> _TASK DETAILS_
Exact wording is required for every entry; transcribe all of them and leave the images out.

Data excerpts:
* * *
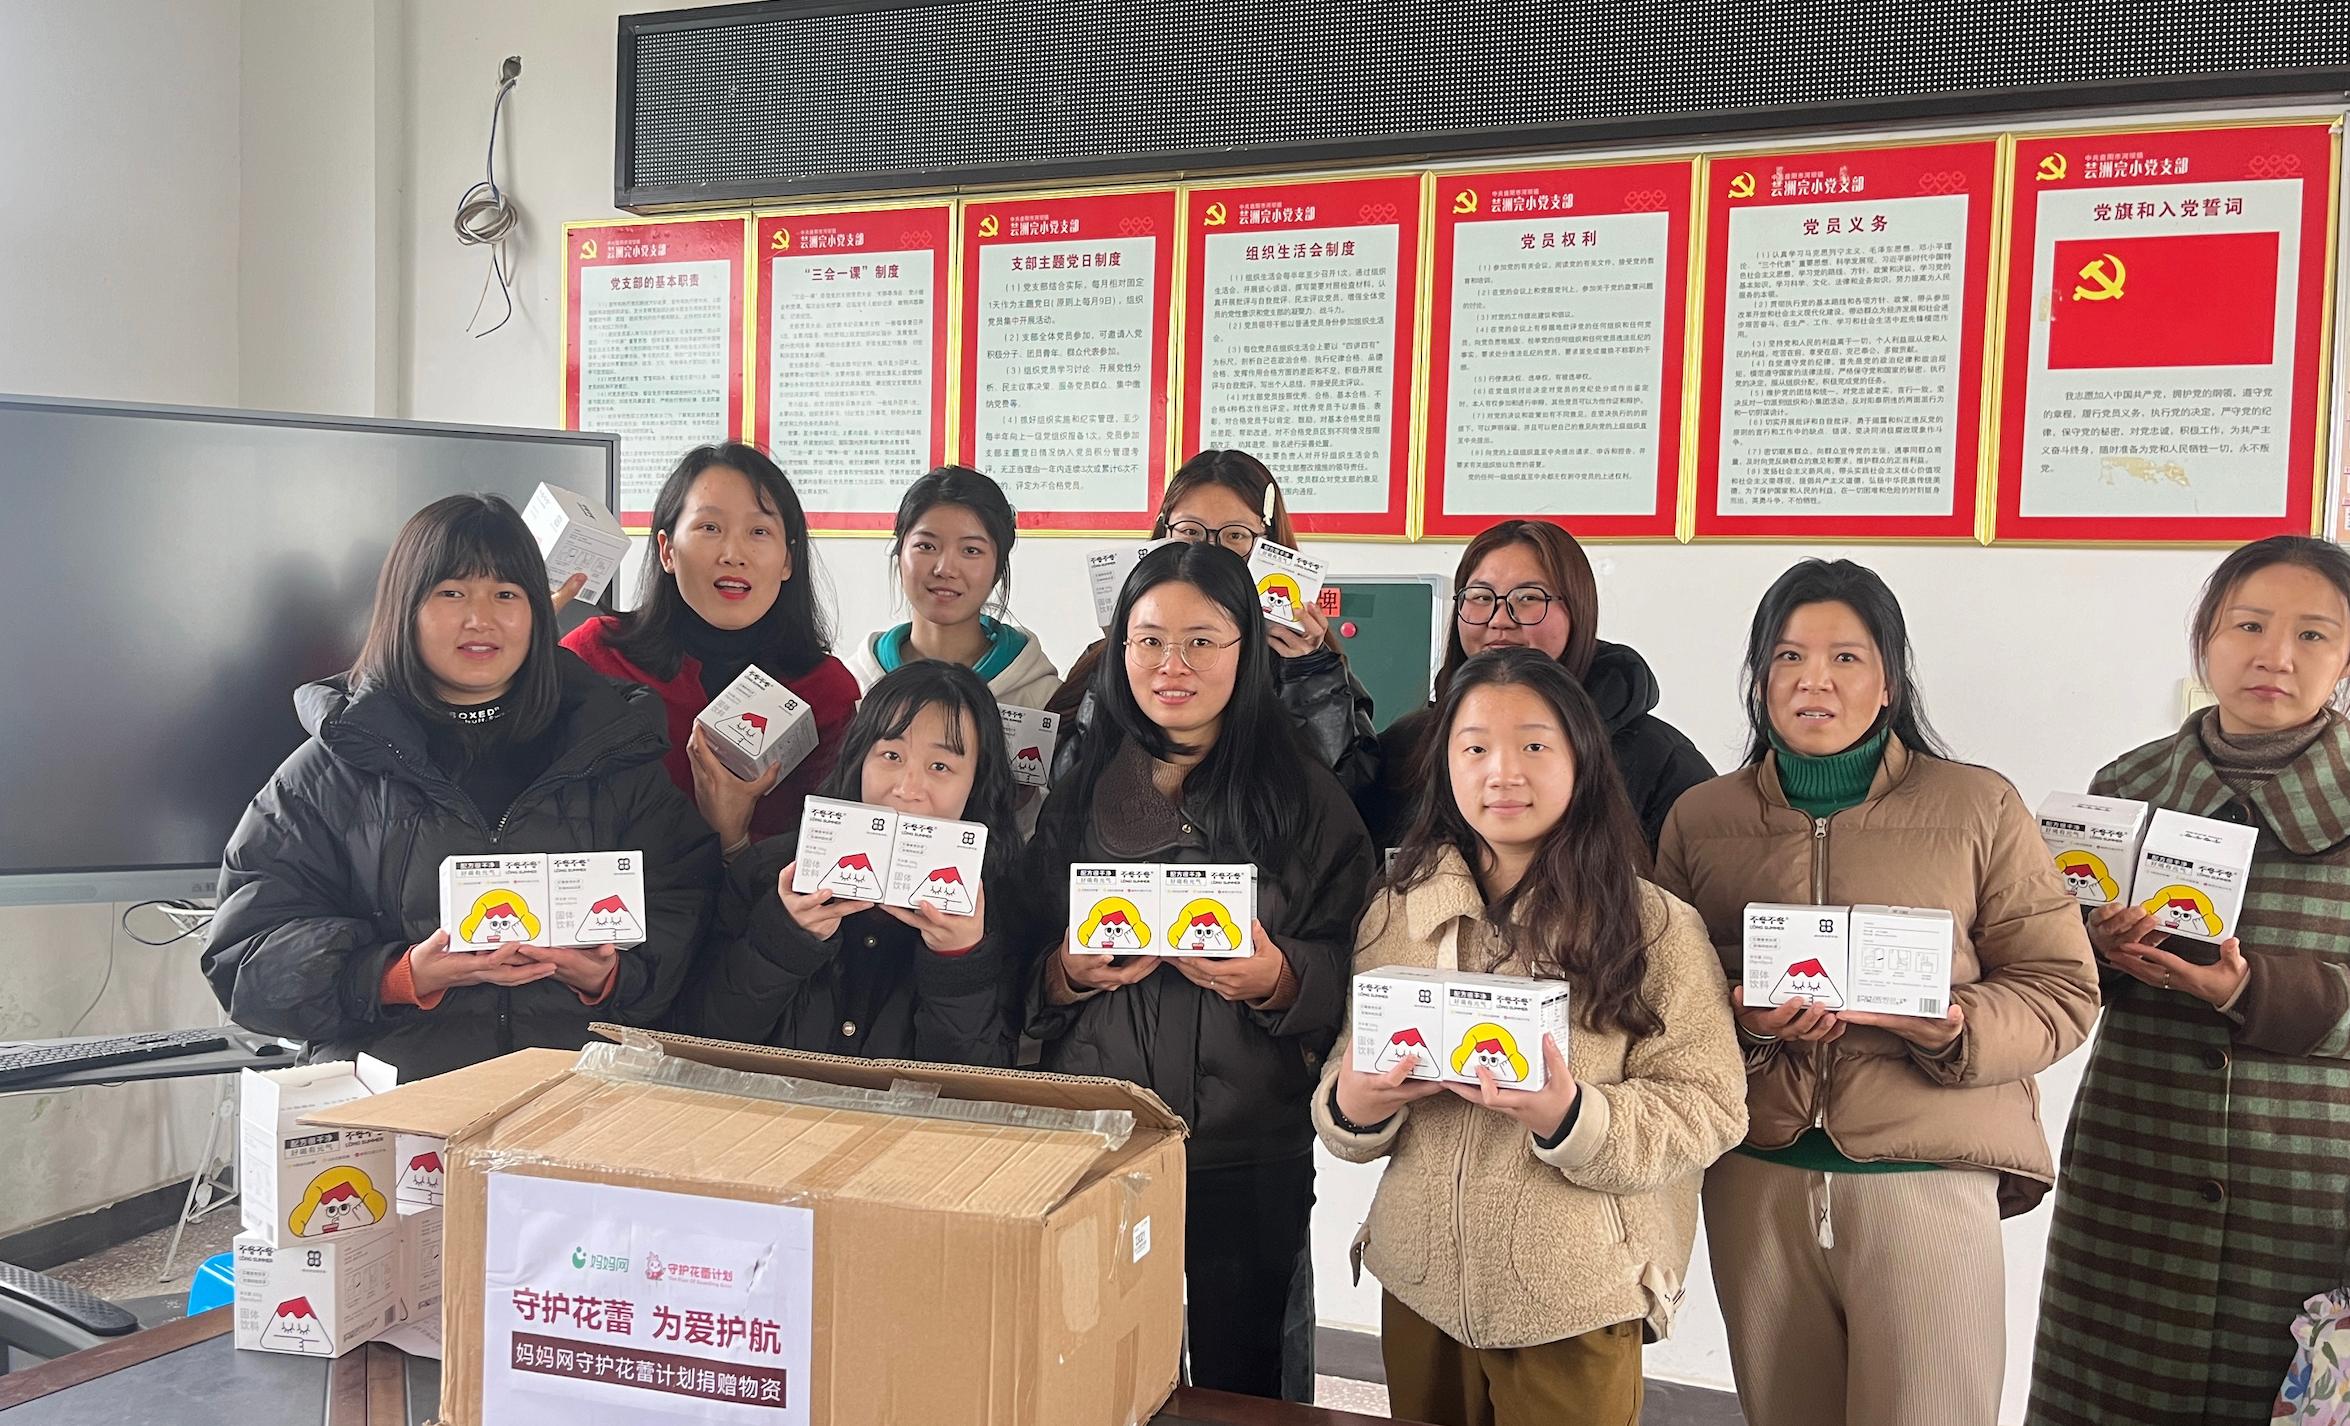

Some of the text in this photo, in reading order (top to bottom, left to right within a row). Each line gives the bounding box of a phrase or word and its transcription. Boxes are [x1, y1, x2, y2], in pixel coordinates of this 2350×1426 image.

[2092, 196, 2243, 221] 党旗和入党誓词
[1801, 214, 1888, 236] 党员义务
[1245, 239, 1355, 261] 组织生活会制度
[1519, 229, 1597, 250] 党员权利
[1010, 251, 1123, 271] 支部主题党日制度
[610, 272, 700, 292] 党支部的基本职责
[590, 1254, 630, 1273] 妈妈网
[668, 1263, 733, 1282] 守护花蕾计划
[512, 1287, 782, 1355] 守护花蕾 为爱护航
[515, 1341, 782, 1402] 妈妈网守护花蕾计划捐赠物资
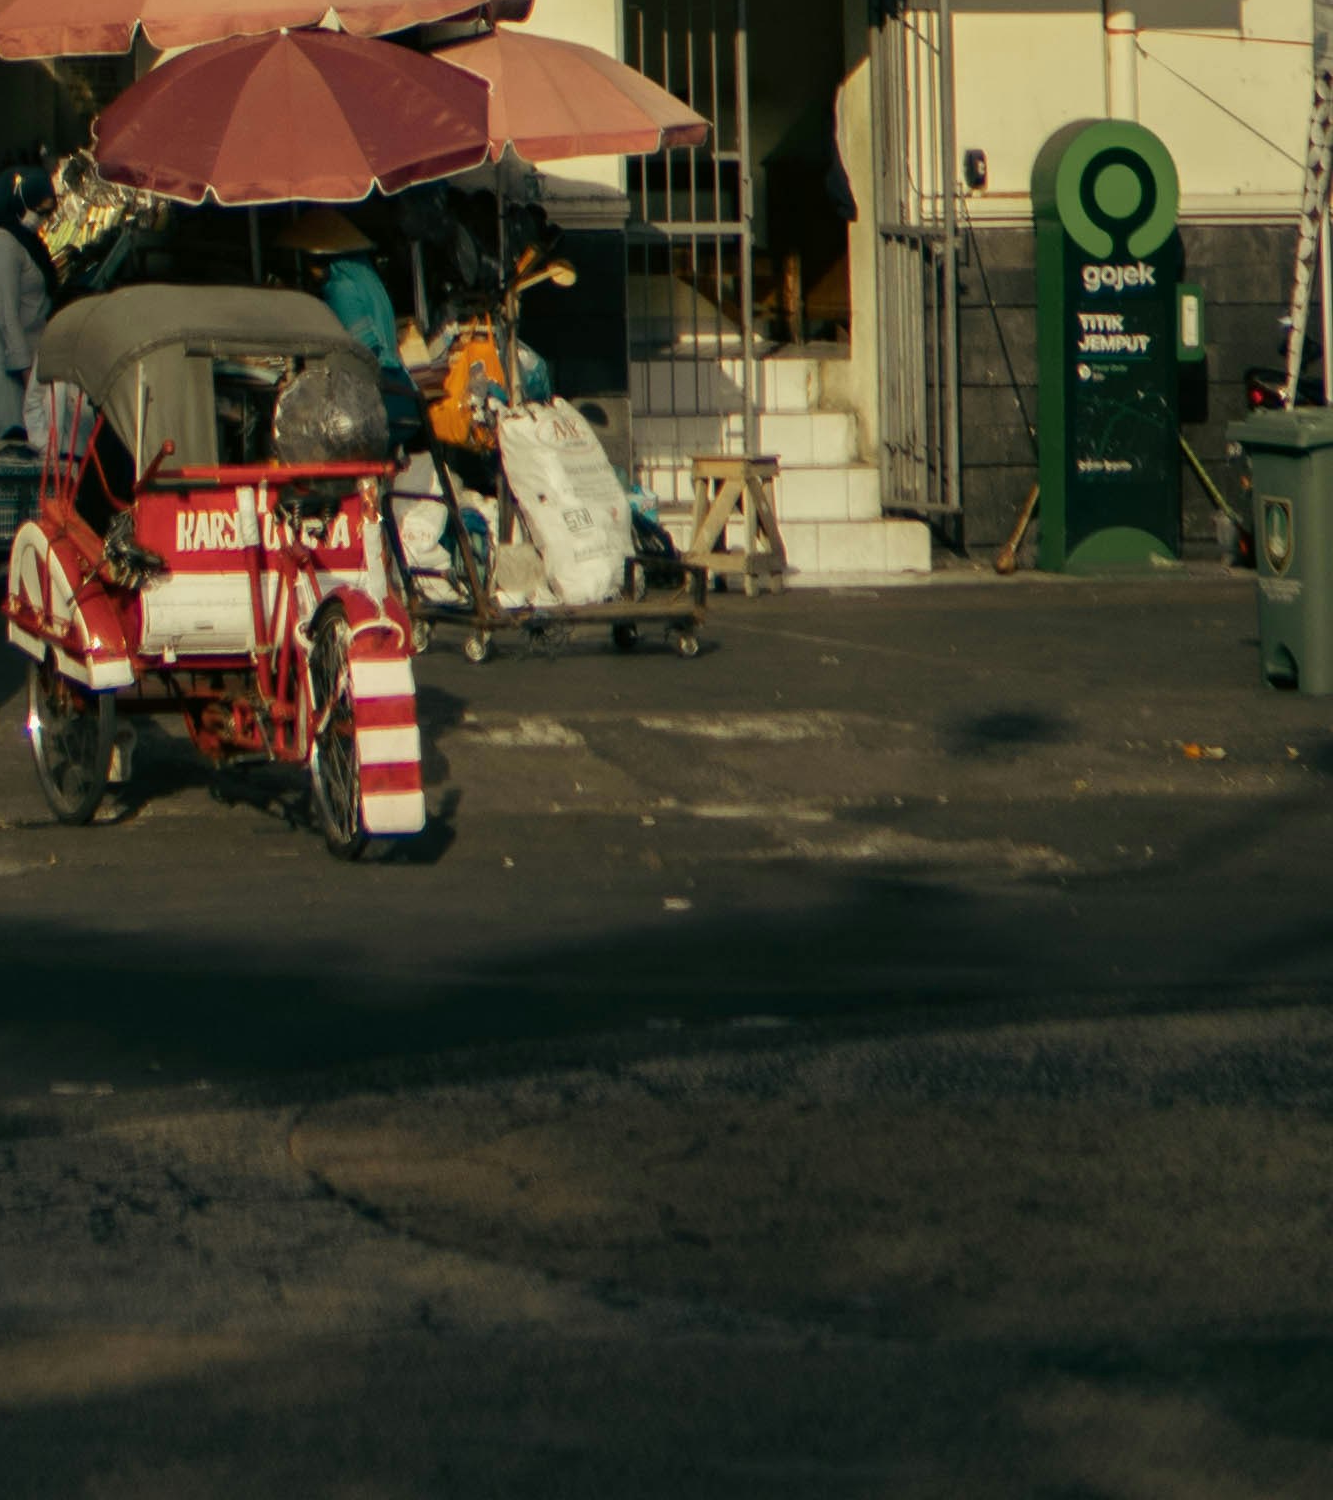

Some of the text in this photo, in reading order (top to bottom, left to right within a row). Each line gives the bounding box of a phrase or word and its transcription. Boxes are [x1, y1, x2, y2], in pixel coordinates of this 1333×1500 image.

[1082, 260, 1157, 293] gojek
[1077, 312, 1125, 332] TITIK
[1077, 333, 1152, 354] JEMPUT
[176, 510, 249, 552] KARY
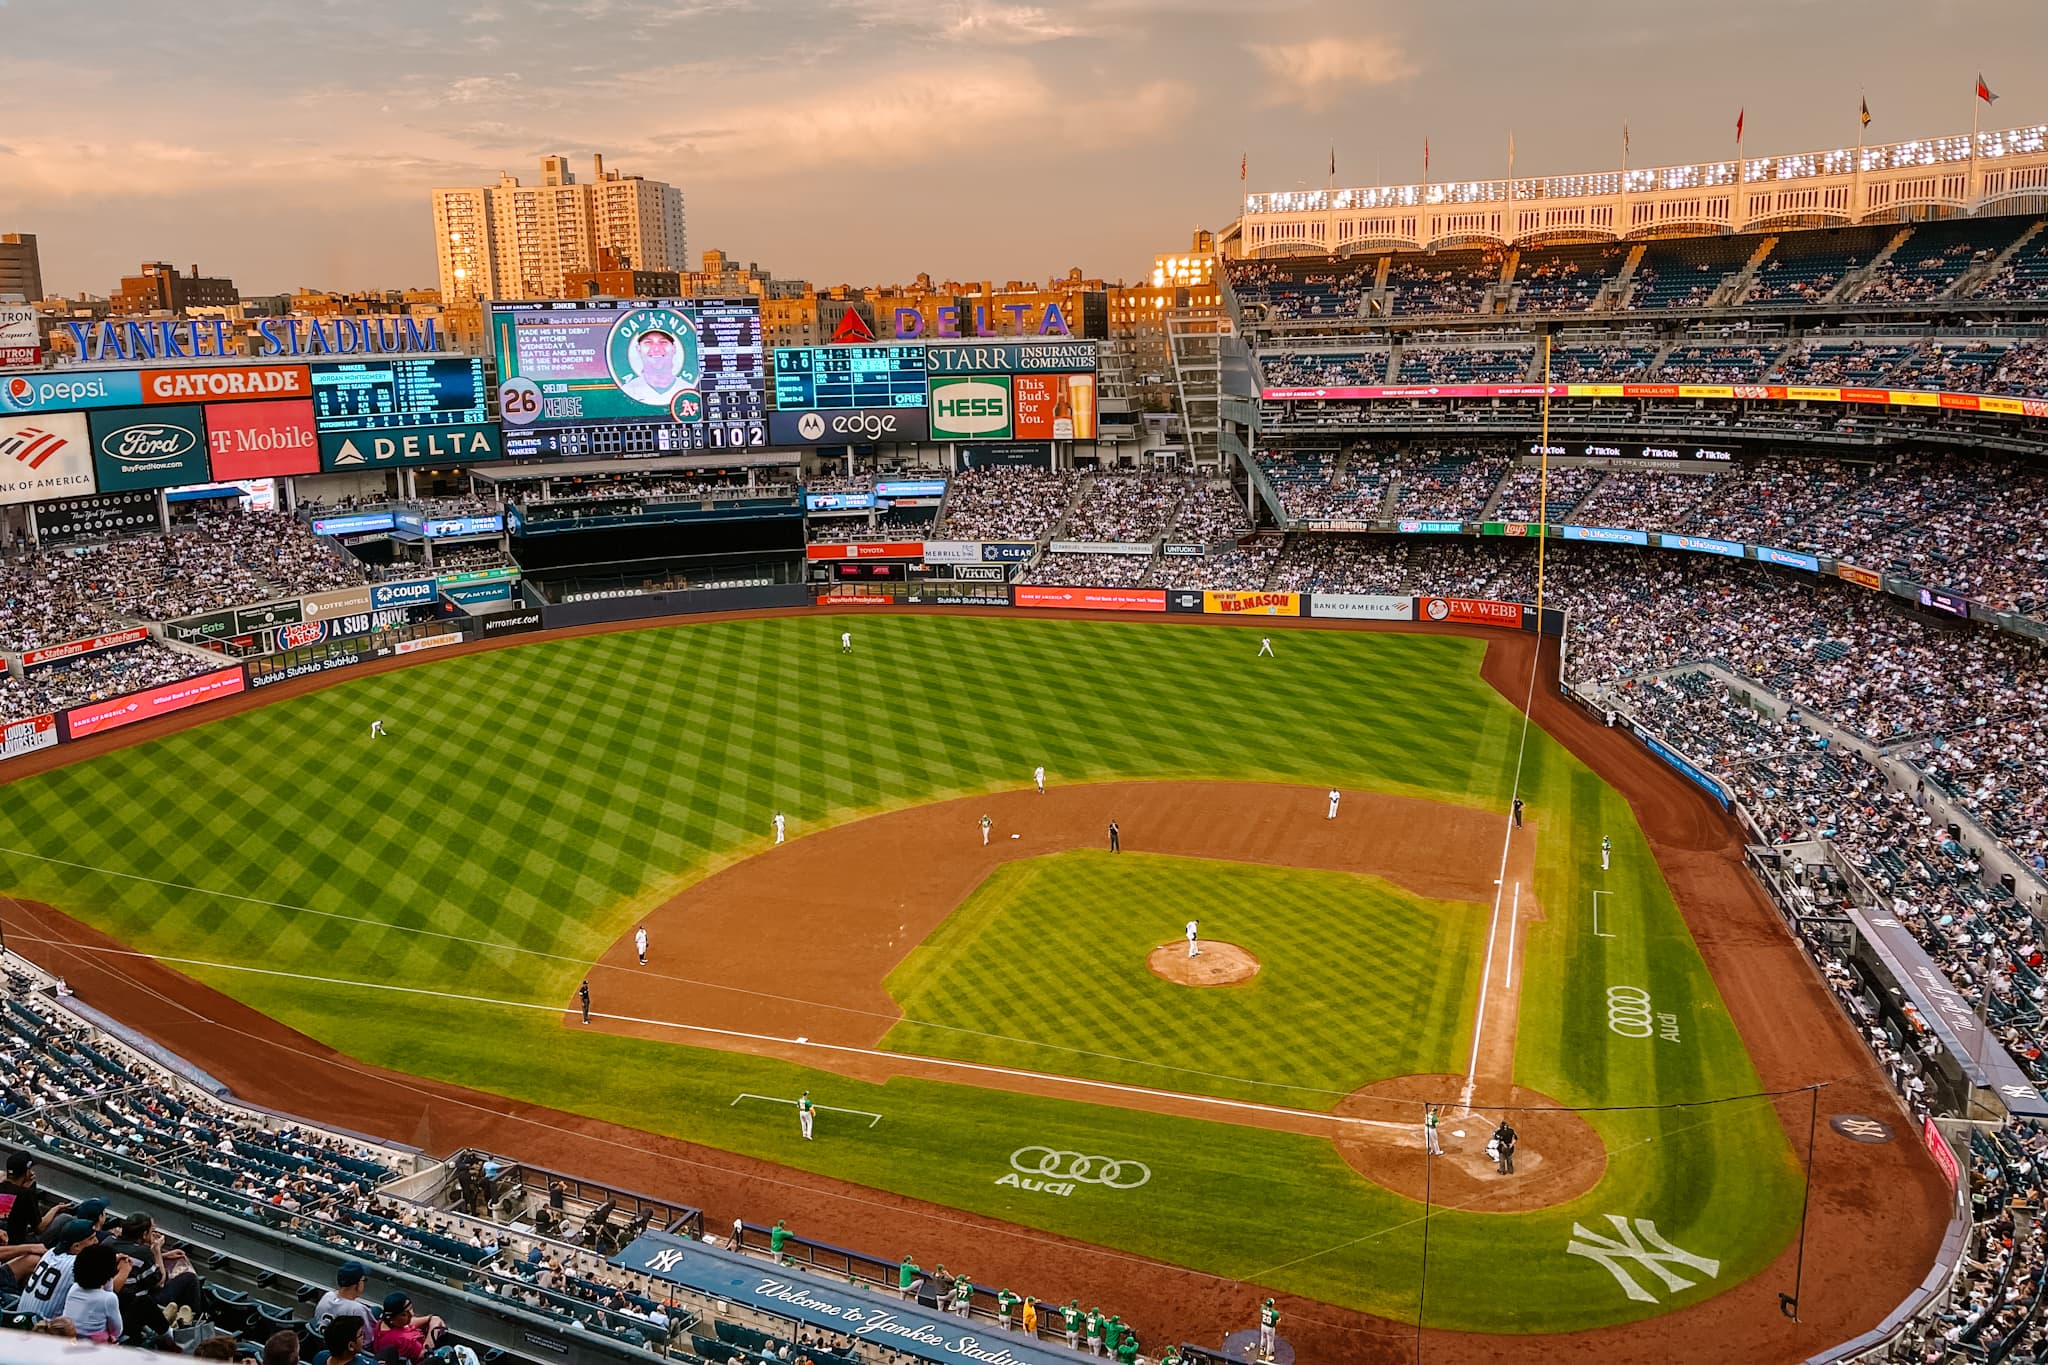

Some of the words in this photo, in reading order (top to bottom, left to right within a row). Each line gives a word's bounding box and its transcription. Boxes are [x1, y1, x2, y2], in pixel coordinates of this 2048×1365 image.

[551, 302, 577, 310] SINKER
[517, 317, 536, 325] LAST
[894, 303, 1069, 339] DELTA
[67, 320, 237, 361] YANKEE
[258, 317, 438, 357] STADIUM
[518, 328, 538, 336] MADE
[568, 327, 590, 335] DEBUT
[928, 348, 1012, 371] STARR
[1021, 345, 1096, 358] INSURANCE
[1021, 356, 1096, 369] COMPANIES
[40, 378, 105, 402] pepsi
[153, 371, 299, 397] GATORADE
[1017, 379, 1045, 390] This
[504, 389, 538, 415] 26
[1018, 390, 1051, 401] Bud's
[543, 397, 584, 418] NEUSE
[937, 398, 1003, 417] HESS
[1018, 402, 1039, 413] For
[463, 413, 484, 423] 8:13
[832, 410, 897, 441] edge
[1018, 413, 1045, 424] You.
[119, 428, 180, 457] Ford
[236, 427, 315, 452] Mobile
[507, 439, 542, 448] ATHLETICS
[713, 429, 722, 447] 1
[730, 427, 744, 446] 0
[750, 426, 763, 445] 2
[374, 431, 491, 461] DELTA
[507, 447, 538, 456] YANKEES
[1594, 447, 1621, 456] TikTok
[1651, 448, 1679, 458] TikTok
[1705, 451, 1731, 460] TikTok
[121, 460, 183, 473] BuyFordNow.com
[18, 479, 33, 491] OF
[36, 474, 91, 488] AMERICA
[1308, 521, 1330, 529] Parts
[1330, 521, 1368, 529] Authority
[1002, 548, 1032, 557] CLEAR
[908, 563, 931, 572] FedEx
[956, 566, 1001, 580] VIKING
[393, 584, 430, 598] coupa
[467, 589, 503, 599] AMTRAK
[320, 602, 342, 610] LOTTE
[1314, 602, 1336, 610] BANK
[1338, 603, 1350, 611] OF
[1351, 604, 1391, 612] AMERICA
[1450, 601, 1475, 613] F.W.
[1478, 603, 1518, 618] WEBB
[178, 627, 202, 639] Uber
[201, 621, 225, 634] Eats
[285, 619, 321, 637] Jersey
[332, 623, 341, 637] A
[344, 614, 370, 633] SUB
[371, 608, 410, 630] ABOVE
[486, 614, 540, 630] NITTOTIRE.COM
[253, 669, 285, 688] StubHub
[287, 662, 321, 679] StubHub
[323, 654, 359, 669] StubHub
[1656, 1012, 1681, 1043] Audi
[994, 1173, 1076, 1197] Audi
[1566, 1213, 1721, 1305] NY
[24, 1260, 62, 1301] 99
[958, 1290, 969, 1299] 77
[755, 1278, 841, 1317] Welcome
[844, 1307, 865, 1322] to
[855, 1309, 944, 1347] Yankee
* * *
> _RESPONSE FOR THIS EXERCISE_
Some of the text in this photo, in reading order (top to bottom, left to right within a row). Each line gives the bounding box of a phrase or word and its transcription. Boxes are [x1, y1, x2, y2], in pixel coordinates of this 2350×1426 image.

[2092, 196, 2243, 221] 党旗和入党誓词
[1801, 214, 1888, 236] 党员义务
[1245, 239, 1355, 261] 组织生活会制度
[1519, 229, 1597, 250] 党员权利
[1010, 251, 1123, 271] 支部主题党日制度
[610, 272, 700, 292] 党支部的基本职责
[590, 1254, 630, 1273] 妈妈网
[668, 1263, 733, 1282] 守护花蕾计划
[512, 1287, 782, 1355] 守护花蕾 为爱护航
[515, 1341, 782, 1402] 妈妈网守护花蕾计划捐赠物资

Some of the text in this photo, in reading order (top to bottom, left to right within a row). Each line gives the bounding box of a phrase or word and its transcription. Boxes are [x1, y1, x2, y2], in pixel coordinates of this 1333×1500 image.

[1082, 260, 1157, 293] gojek
[1077, 312, 1125, 332] TITIK
[1077, 333, 1152, 354] JEMPUT
[176, 510, 249, 552] KARY

Some of the words in this photo, in reading order (top to bottom, left to right within a row). Each line gives a word's bounding box and its transcription. Boxes are [x1, y1, x2, y2], in pixel coordinates of this 2048×1365 image.

[551, 302, 577, 310] SINKER
[517, 317, 536, 325] LAST
[894, 303, 1069, 339] DELTA
[67, 320, 237, 361] YANKEE
[258, 317, 438, 357] STADIUM
[518, 328, 538, 336] MADE
[568, 327, 590, 335] DEBUT
[928, 348, 1012, 371] STARR
[1021, 345, 1096, 358] INSURANCE
[1021, 356, 1096, 369] COMPANIES
[40, 378, 105, 402] pepsi
[153, 371, 299, 397] GATORADE
[1017, 379, 1045, 390] This
[504, 389, 538, 415] 26
[1018, 390, 1051, 401] Bud's
[543, 397, 584, 418] NEUSE
[937, 398, 1003, 417] HESS
[1018, 402, 1039, 413] For
[463, 413, 484, 423] 8:13
[832, 410, 897, 441] edge
[1018, 413, 1045, 424] You.
[119, 428, 180, 457] Ford
[236, 427, 315, 452] Mobile
[507, 439, 542, 448] ATHLETICS
[713, 429, 722, 447] 1
[730, 427, 744, 446] 0
[750, 426, 763, 445] 2
[374, 431, 491, 461] DELTA
[507, 447, 538, 456] YANKEES
[1594, 447, 1621, 456] TikTok
[1651, 448, 1679, 458] TikTok
[1705, 451, 1731, 460] TikTok
[121, 460, 183, 473] BuyFordNow.com
[18, 479, 33, 491] OF
[36, 474, 91, 488] AMERICA
[1308, 521, 1330, 529] Parts
[1330, 521, 1368, 529] Authority
[1002, 548, 1032, 557] CLEAR
[908, 563, 931, 572] FedEx
[956, 566, 1001, 580] VIKING
[393, 584, 430, 598] coupa
[467, 589, 503, 599] AMTRAK
[320, 602, 342, 610] LOTTE
[1314, 602, 1336, 610] BANK
[1338, 603, 1350, 611] OF
[1351, 604, 1391, 612] AMERICA
[1450, 601, 1475, 613] F.W.
[1478, 603, 1518, 618] WEBB
[178, 627, 202, 639] Uber
[201, 621, 225, 634] Eats
[285, 619, 321, 637] Jersey
[332, 623, 341, 637] A
[344, 614, 370, 633] SUB
[371, 608, 410, 630] ABOVE
[486, 614, 540, 630] NITTOTIRE.COM
[253, 669, 285, 688] StubHub
[287, 662, 321, 679] StubHub
[323, 654, 359, 669] StubHub
[1656, 1012, 1681, 1043] Audi
[994, 1173, 1076, 1197] Audi
[1566, 1213, 1721, 1305] NY
[24, 1260, 62, 1301] 99
[958, 1290, 969, 1299] 77
[755, 1278, 841, 1317] Welcome
[844, 1307, 865, 1322] to
[855, 1309, 944, 1347] Yankee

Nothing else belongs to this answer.